(Images for object localization)
_ _ _ _ _ _ _

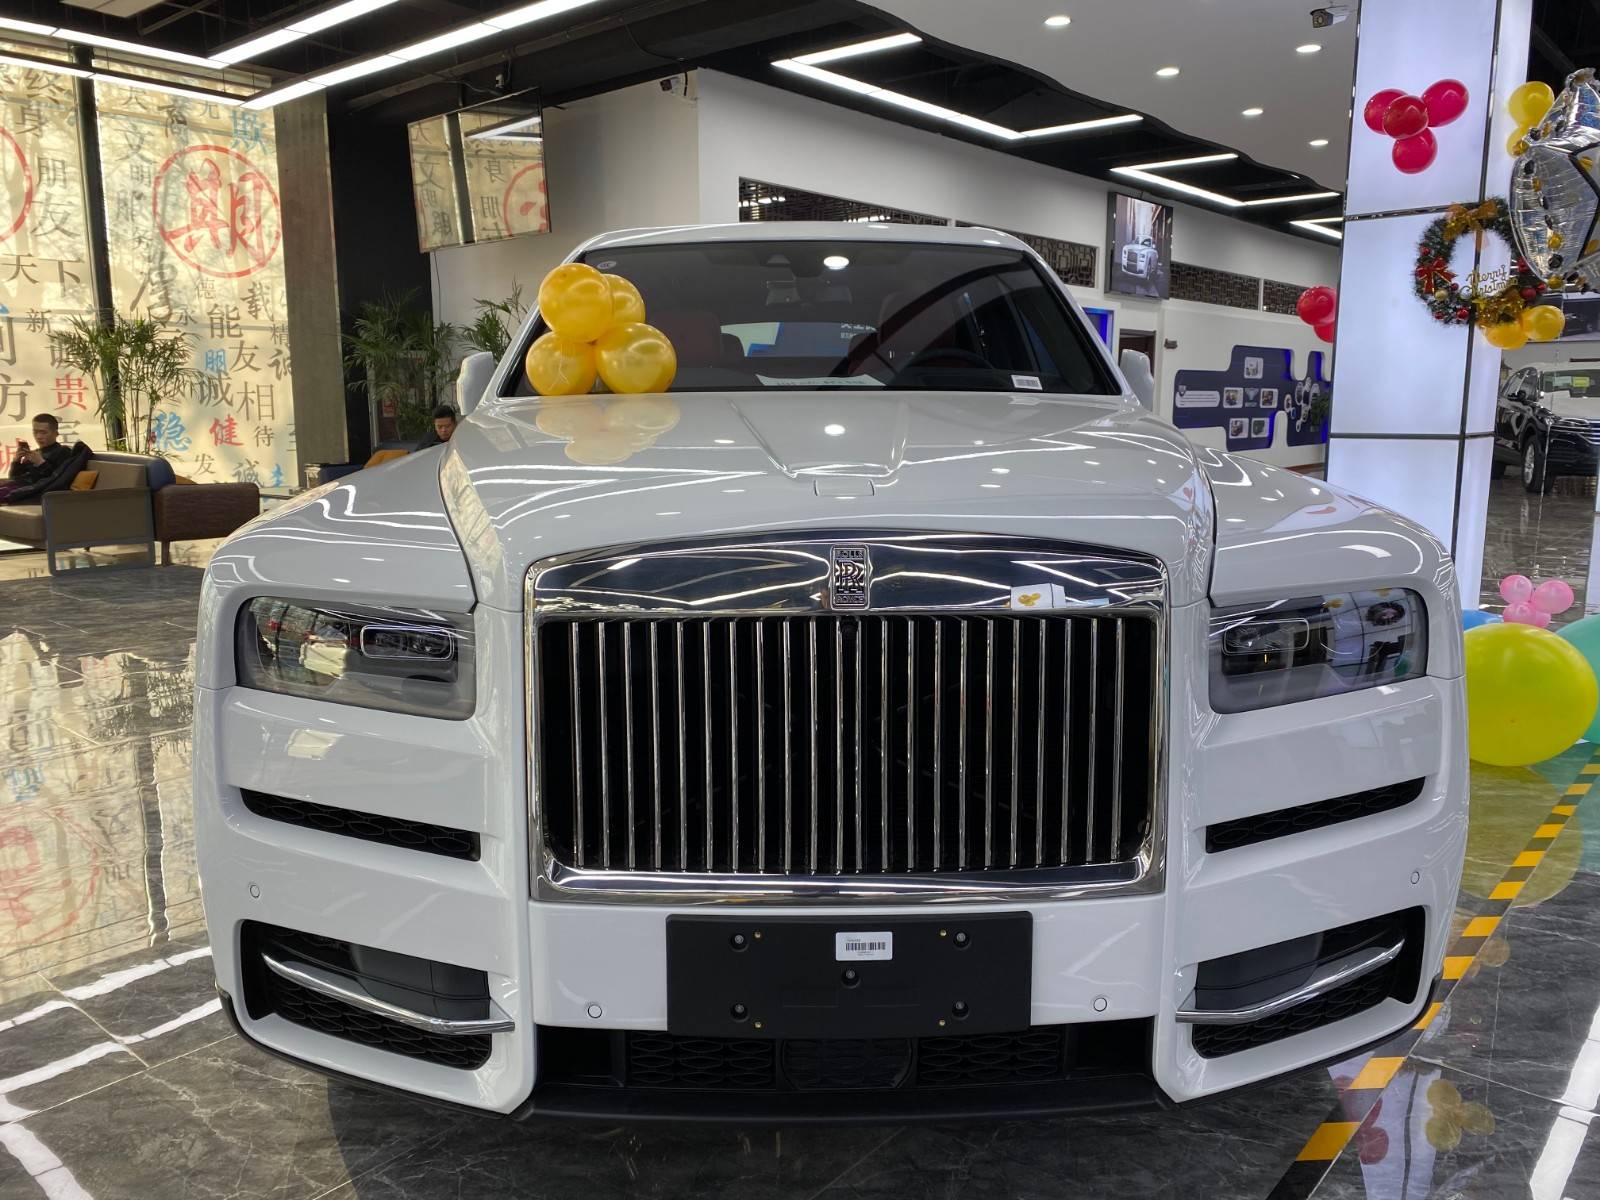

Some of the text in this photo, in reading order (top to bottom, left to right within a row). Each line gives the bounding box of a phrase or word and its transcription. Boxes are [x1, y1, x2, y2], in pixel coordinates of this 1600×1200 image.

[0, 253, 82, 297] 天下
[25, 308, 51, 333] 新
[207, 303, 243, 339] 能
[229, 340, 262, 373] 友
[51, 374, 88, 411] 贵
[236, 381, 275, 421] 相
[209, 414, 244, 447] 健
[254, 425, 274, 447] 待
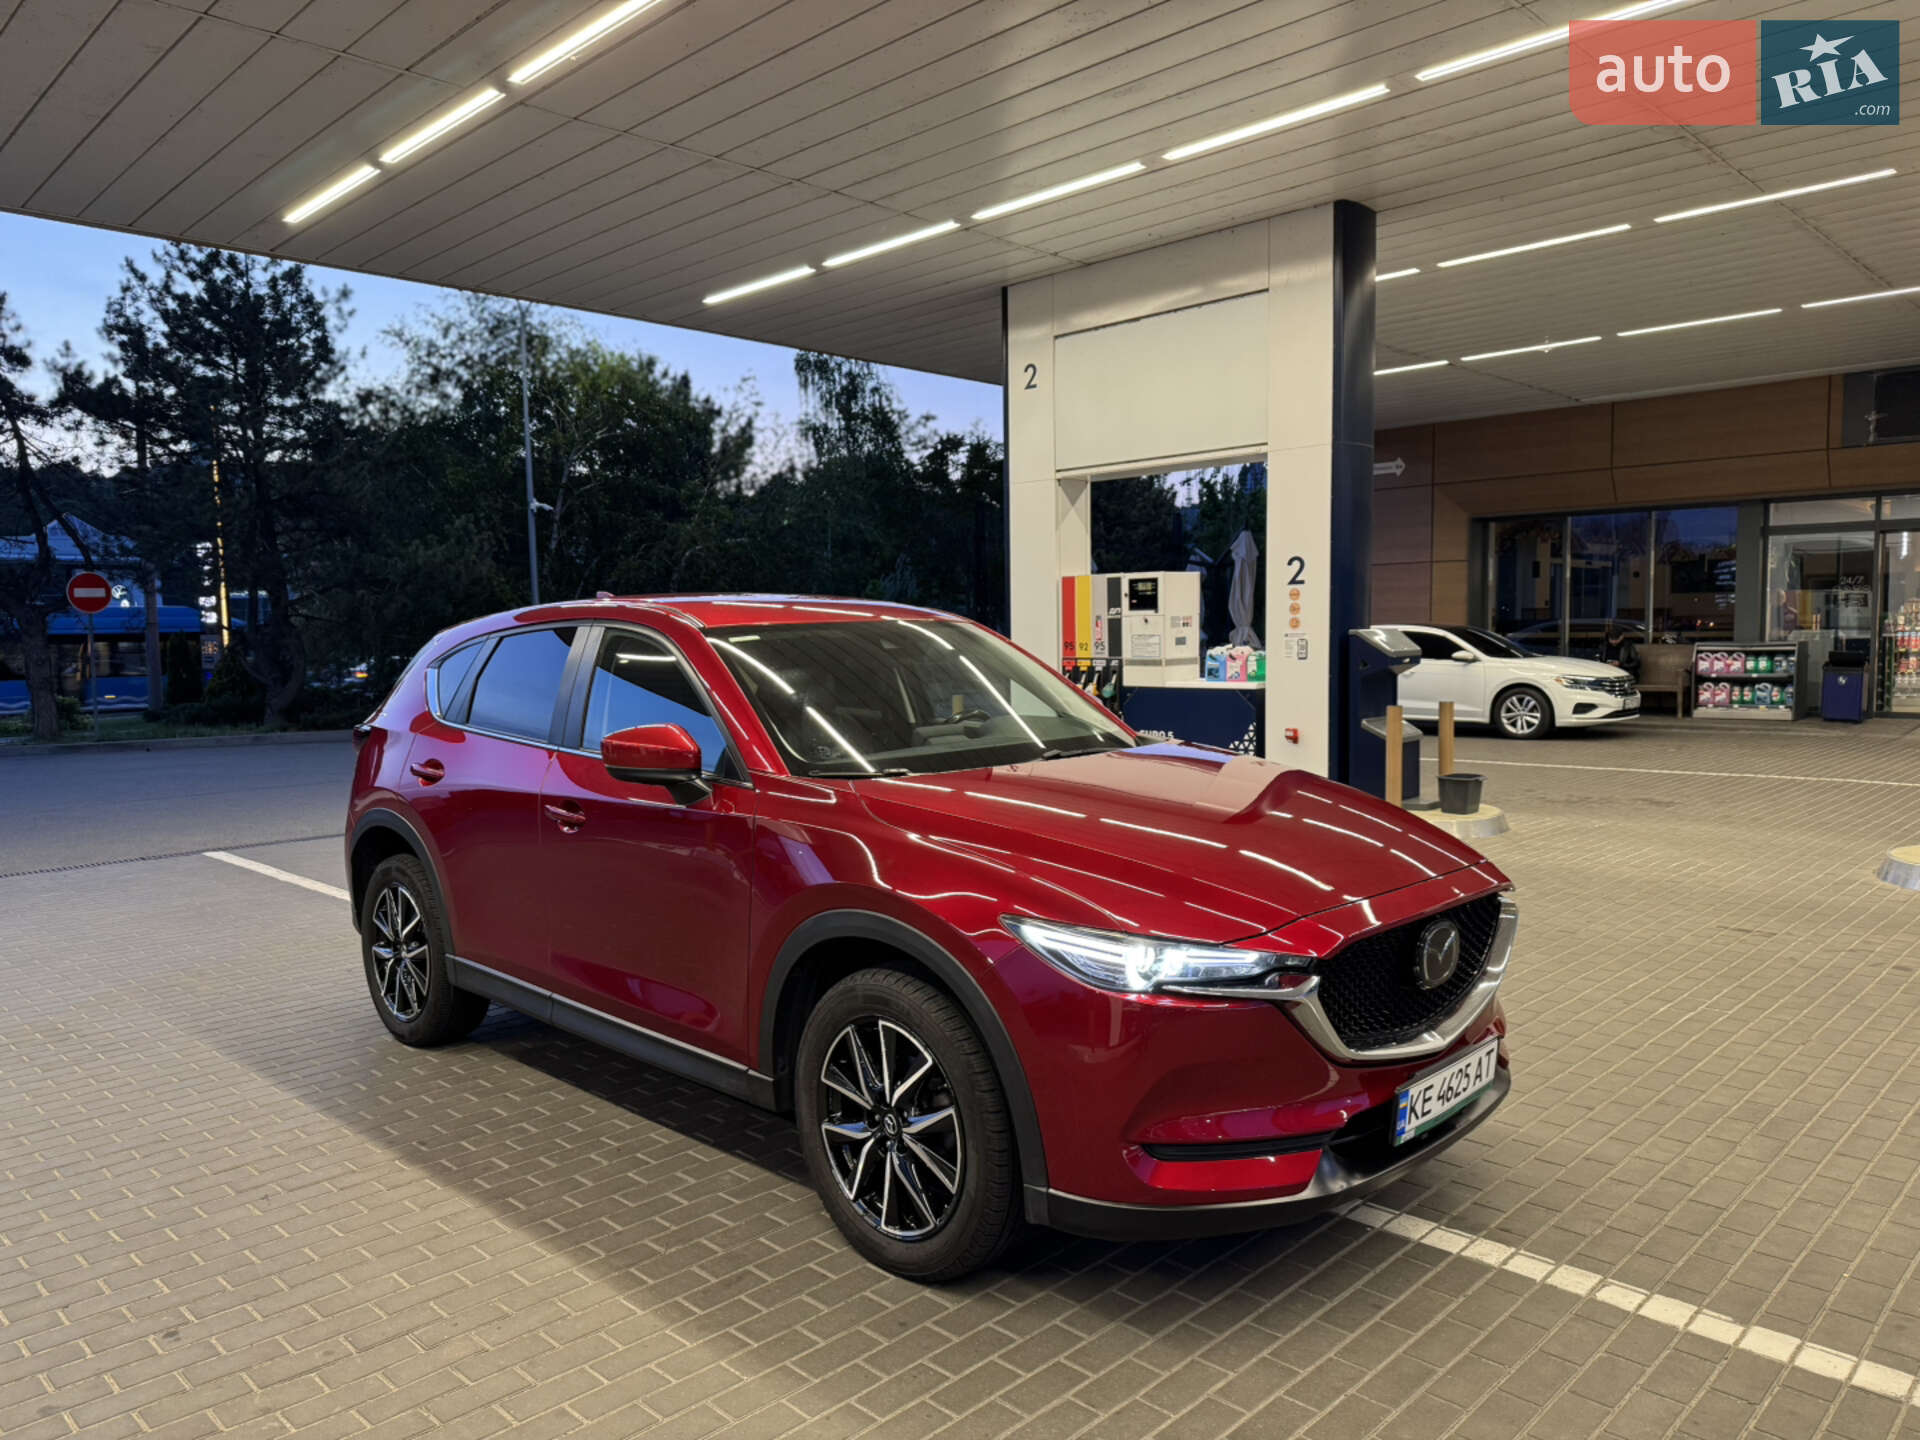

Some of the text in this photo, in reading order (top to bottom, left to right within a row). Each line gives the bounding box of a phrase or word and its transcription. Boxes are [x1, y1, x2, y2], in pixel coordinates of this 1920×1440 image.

_ _ _ _ _ _ _

● **WHAT THE TASK ASKS**
Whenever images occur above, omit them and retype each line exactly as it stands.

● **EXERCISE ANSWER**
Some of the text in this photo, in reading order (top to bottom, left to right within a row). Each line gives the bounding box of a phrase or word and its transcription. Boxes are [x1, y1, x2, y2], in pixel coordinates of this 1600×1200 image.

[0, 253, 82, 297] 天下
[25, 308, 51, 333] 新
[207, 303, 243, 339] 能
[229, 340, 262, 373] 友
[51, 374, 88, 411] 贵
[236, 381, 275, 421] 相
[209, 414, 244, 447] 健
[254, 425, 274, 447] 待

Some of the text in this photo, in reading order (top to bottom, left to right within a row). Each line gives the bounding box of a phrase or word and its transcription. Boxes are [x1, y1, x2, y2], in pixel coordinates of this 1920×1440 image.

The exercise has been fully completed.